Wiesbaden for me, too: 1978-81, Camp Pieri, 1/333d Field Artillery (LANCE). My first child was born in 1980 at the US Air Force Hospital in Wiesbaden and we lived in the Hainerberg Housing Area, near the commissary and the dependent school. My wife was a substitute teacher at the school and we bowled at a German bowling alley near the American Arms, the BOQ/transient quarters.
We went to Heidelberg several times in those years, always stopping at the castle.
I served at Ray Barracks in the ate 80s, too.
Christ Kindle Markt (Crist Child Market)
Munchen (Munich) had the best I had seen in the square below the Glokenspiel. now on the ground, roasting of nuts and all sorts of goodies filled the air from all the small booths. Most memorable were the Christmas ornaments hand-made from straw.
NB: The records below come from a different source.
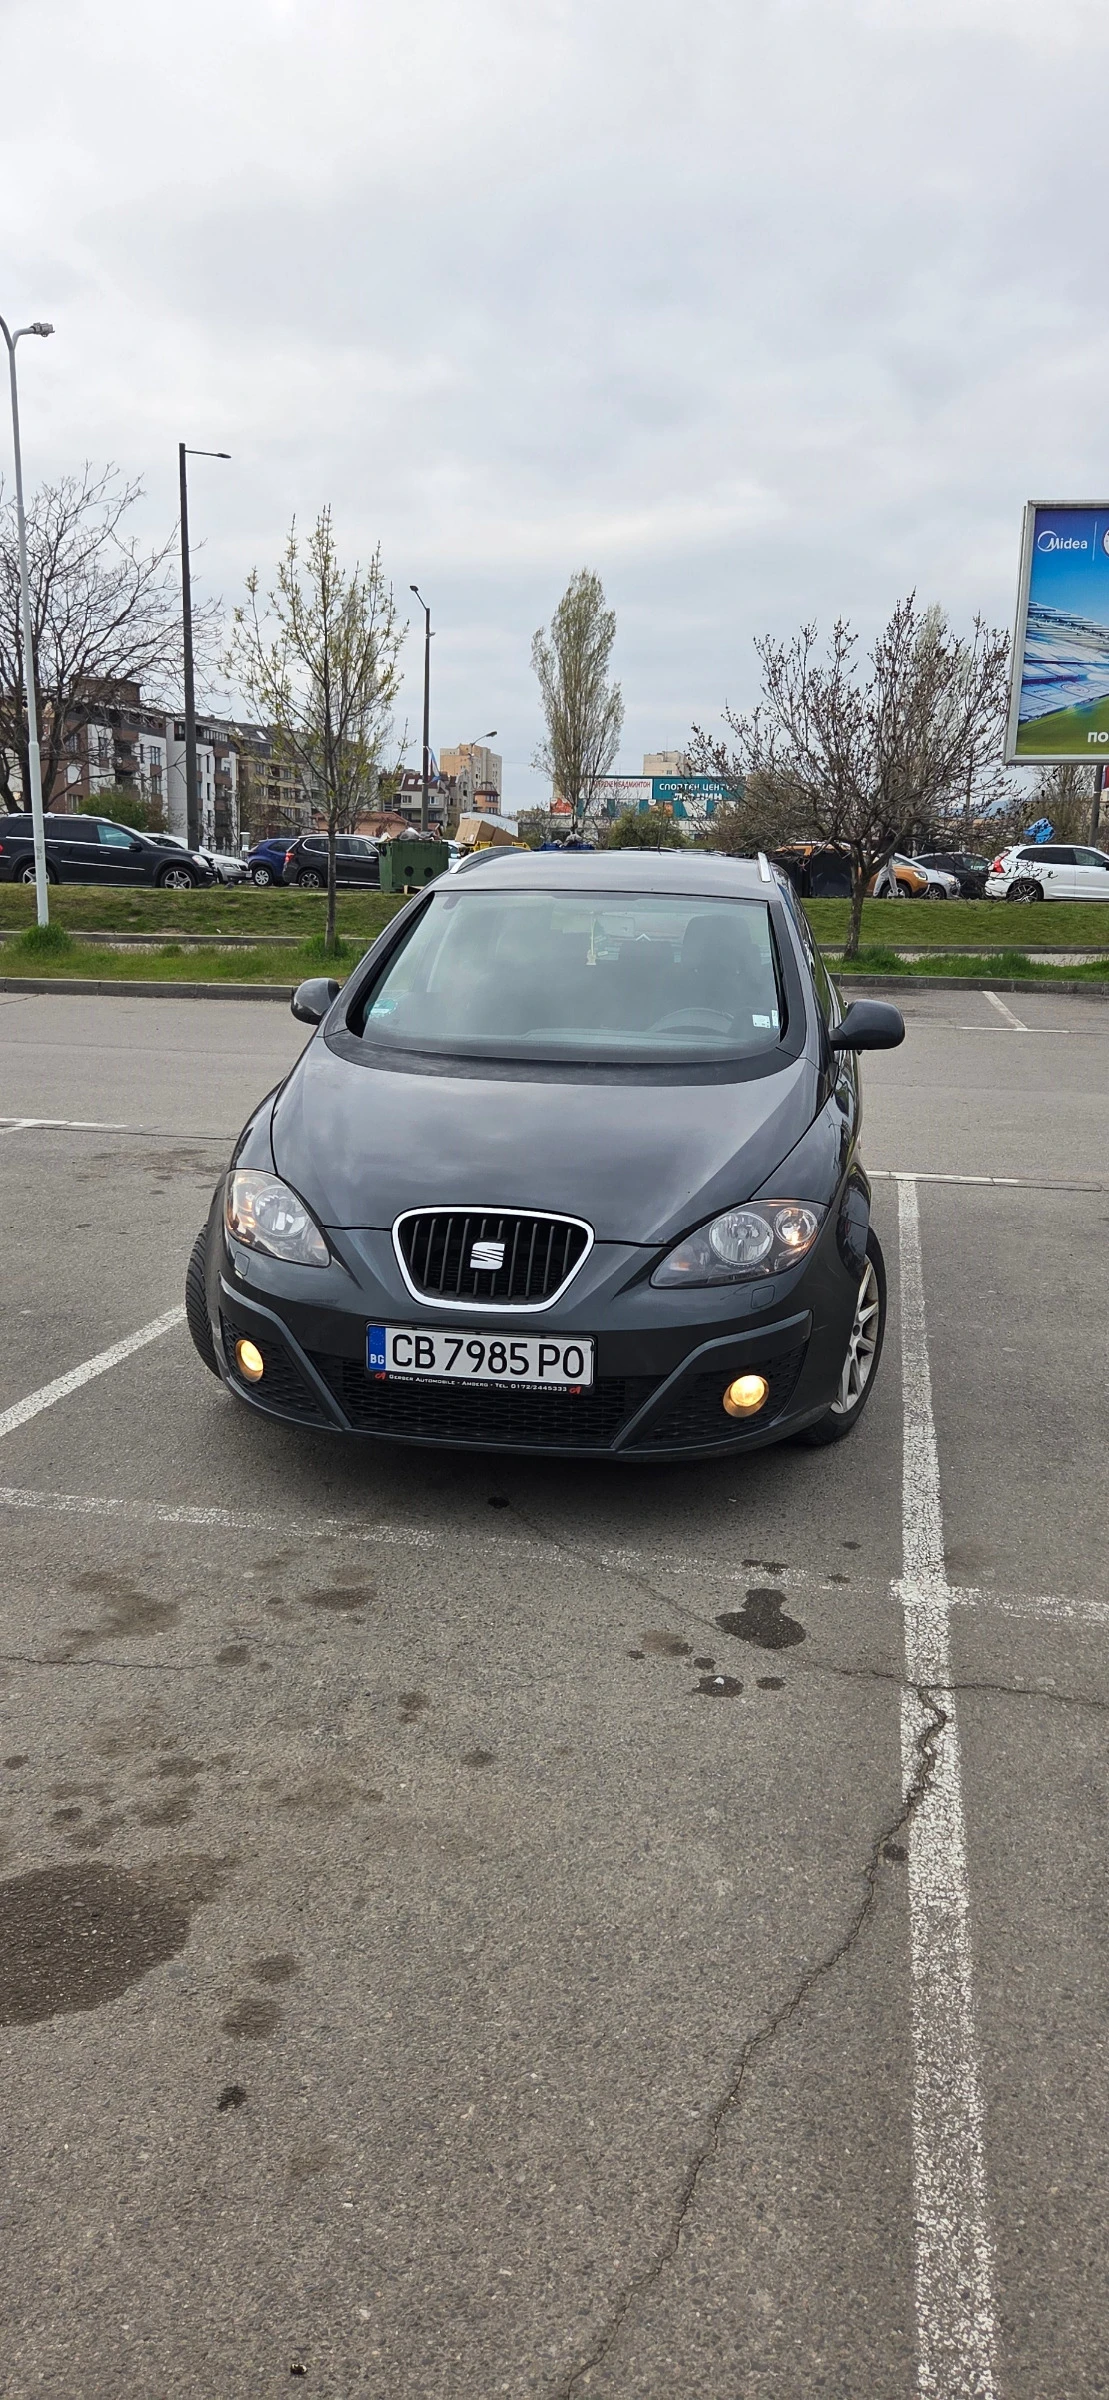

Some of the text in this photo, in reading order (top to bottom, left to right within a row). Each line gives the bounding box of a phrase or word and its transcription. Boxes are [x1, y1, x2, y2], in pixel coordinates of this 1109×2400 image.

[1045, 537, 1088, 550] Midea
[659, 783, 700, 791] СПОРТЕН
[370, 1353, 385, 1365] BG
[392, 1333, 436, 1369] CB
[444, 1338, 530, 1376] 7985
[415, 1377, 456, 1385] AUTOMOBILE
[461, 1380, 489, 1388] AMBERG
Correction - Christkindlemarkt.
My mother was born in Bad Tolz in 1932. Married my father in Oberamagau in 1950. Sister was born in Frankfurt. After a stint at Ft. Bliss (where I was hatched) and two tours of Korea, we went back to Germany. Stuttgart, Kelley barracks.
And the mulled wine - the Germans do darned good mulled wine... Wish I could still remember what they called it!
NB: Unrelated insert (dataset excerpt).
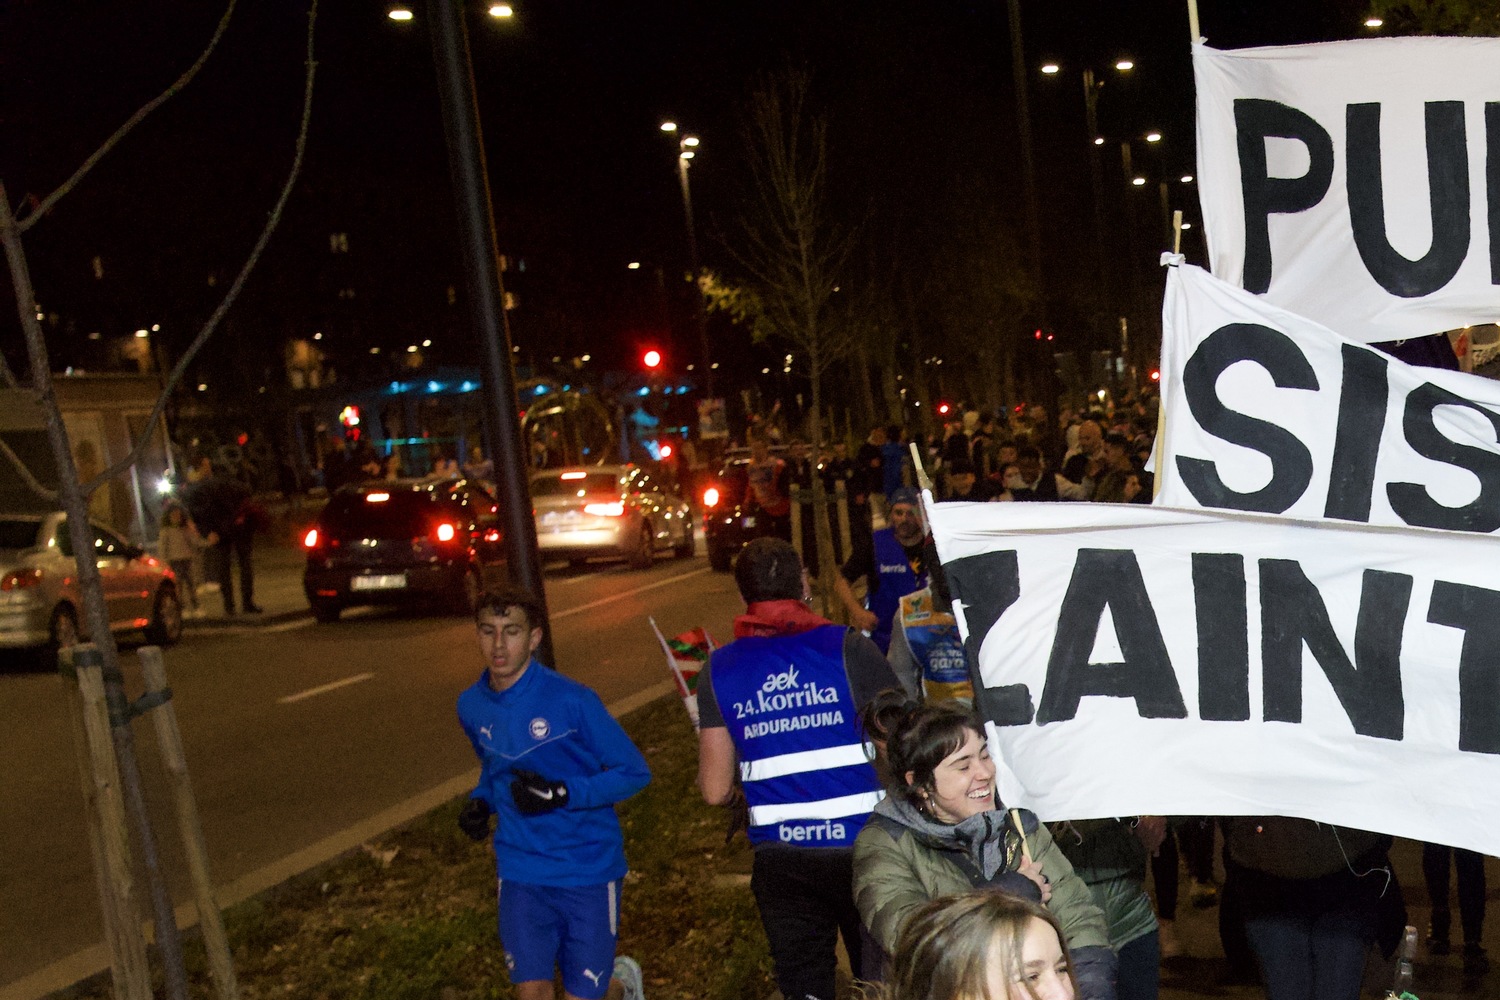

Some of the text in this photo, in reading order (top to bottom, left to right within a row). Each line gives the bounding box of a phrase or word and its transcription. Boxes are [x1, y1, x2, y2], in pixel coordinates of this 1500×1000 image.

Same things happened in Yokohama in the 60s. The massive American footprint evaporated and with it went Yo-Hi (later named Nile C. Kinnick High School when the Navy ran everything.) Two large housing areas for military dependents and the commesary-PX complex were turned over to the Japanese government. Today, there’s no trace we were ever there.
will find out. My Mom is still with us and still working.
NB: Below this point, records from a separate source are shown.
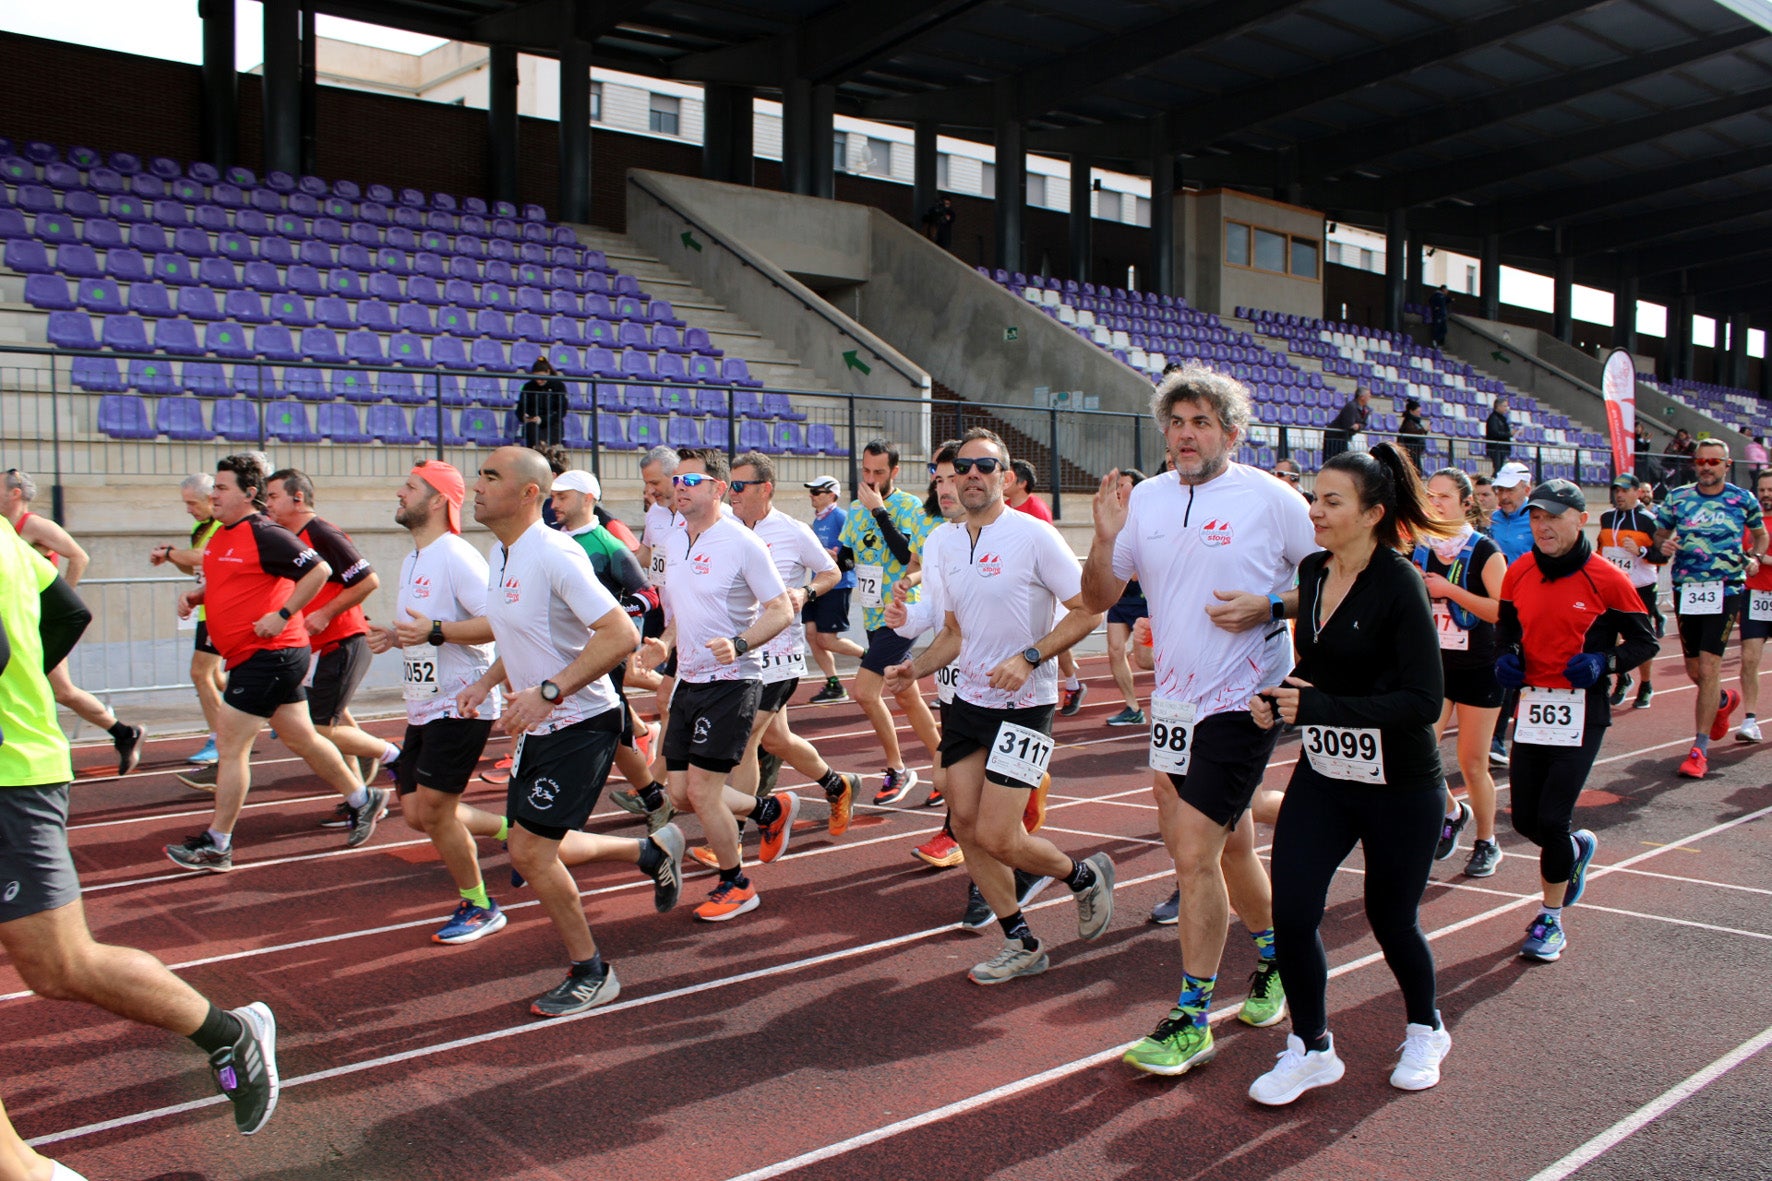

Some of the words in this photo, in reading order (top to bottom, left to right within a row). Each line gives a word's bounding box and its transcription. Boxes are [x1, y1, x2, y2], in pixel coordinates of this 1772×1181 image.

[1607, 556, 1631, 570] 114
[1688, 591, 1716, 604] 343
[403, 661, 436, 682] 052
[1528, 704, 1572, 726] 563
[998, 731, 1050, 767] 3117
[1307, 726, 1377, 761] 3099
Gluhwein, the nectar of the gods!
And Wiesbaden was our hospital/big commissary base! I was too young but my friends’ older siblings high schooled across the river there.
Mainz is becoming more uh diverse with every passing year. We left a vacuum, for sure.
Spent 4 years at Zweibrucken. Man, if you couldn’t like Zwei then there was no place overseas you would like.
Gluhwein! Umlaut over the letter U.
The US Army maintained a pretty nice golf course in Heidelberg: http://www.mwrgermany.com/HD/golf/golf.htm
Maybe the CinC can sneak in a few holes before they shut it down.
This is so sad to hear. I went to MTV elementary for 6th grade and for 7th grade, was at Heidelberg High before the middle school was built in PHV (75-76).
I have great memories of basketball games in the gym, since I lived very close to the high school. Not to mention softball and Girl Scout camps throughout Germany. Dad had 3 other duty stations from 72-74, but Heidelberg was my favorite.
The GOP war enthusiasts keep pointing to WWII as evidence that “isolationism doesn’t work.”
There would have been no WWII if we hadn’t gotten involved in WWI, and if our brainless prat of a president, Woodrow Wilson, hadn’t come up with his idiotic notions that led to the League of Nations. If we had allowed the Europeans to destroy themselves in WWI without our tipping the balance, they would have had nothing left with which to start WWII.
Police already stop almost no crime, BTW. They show up after the fact and take a report and clean up the bodies. If you need education on their lack of any duty to “protect” individuals, I recommend you read Castle Rock v. Gonzales (2005), a ruling by the US Supreme Court which has settled for once and all the issue of what the police have a duty to do, and it isn’t “stop crime.”
Here’s the bottom line for all those who want a “robust foreign policy:”
We’re broke. The only way to preserve our sovereignty in the very near future will be to cut the budget deficit as quickly and deeply as possible and reverse the absurd fiscal and monetary policies that are causing other nations to dispose of the US dollar as a global reserve currency even now. When the US dollar is no longer the reserve currency, oil will likely no longer be priced in US dollars, and at that point, it’s game over for the US economy.